- _PROVIDED ENTRIES_
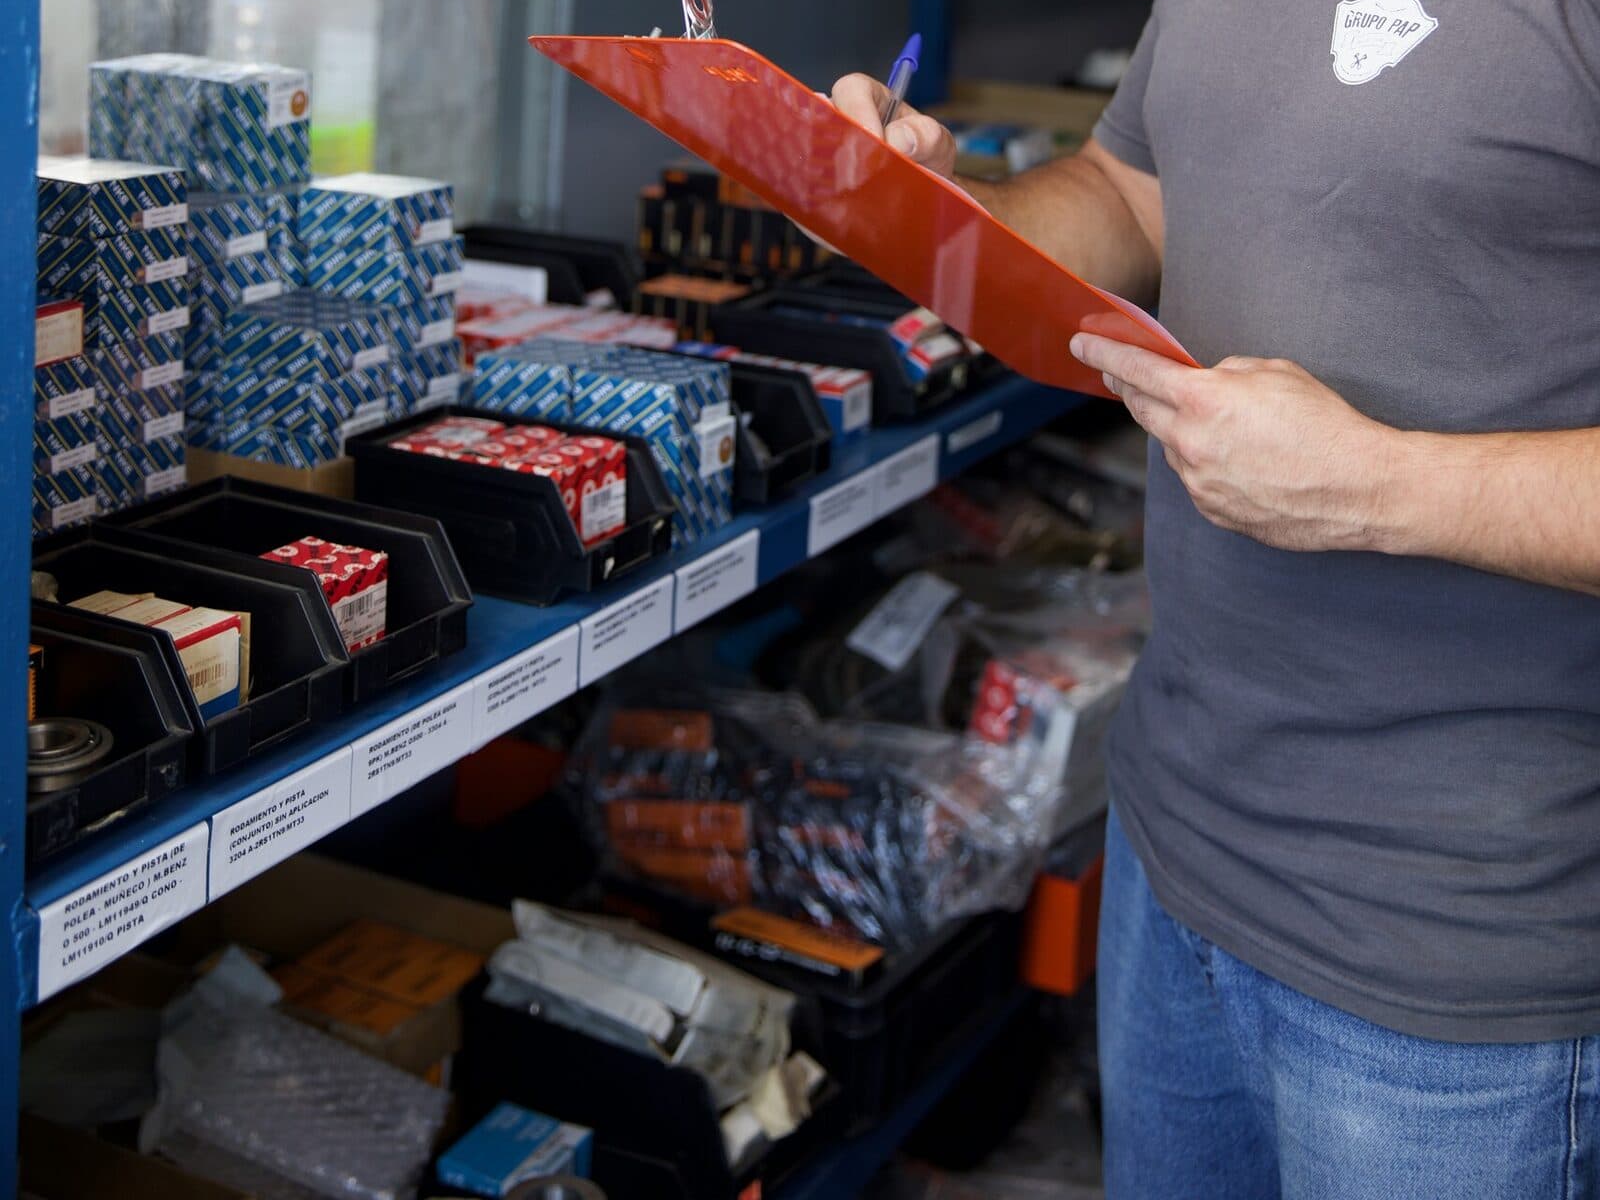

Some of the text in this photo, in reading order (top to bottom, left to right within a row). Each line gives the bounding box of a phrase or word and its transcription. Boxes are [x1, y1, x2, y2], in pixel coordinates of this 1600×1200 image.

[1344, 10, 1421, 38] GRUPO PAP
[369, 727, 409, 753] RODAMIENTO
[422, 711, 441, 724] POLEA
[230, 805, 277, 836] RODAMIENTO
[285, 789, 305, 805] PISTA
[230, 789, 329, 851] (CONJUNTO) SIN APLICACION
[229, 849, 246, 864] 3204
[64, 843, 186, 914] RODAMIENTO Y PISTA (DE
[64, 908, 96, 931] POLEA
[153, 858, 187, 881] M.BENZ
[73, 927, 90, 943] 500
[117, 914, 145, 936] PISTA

- _DESCRIPTION OF THE TASK_
Since the pictures are not wanted, copy only the text of the records above, exactly.

- _EXERCISE OUTPUT_
Some of the text in this photo, in reading order (top to bottom, left to right within a row). Each line gives the bounding box of a phrase or word and its transcription. Boxes are [x1, y1, x2, y2], in pixel coordinates of this 1600×1200 image.

[1344, 10, 1421, 38] GRUPO PAP
[369, 727, 409, 753] RODAMIENTO
[422, 711, 441, 724] POLEA
[230, 805, 277, 836] RODAMIENTO
[285, 789, 305, 805] PISTA
[230, 789, 329, 851] (CONJUNTO) SIN APLICACION
[229, 849, 246, 864] 3204
[64, 843, 186, 914] RODAMIENTO Y PISTA (DE
[64, 908, 96, 931] POLEA
[153, 858, 187, 881] M.BENZ
[73, 927, 90, 943] 500
[117, 914, 145, 936] PISTA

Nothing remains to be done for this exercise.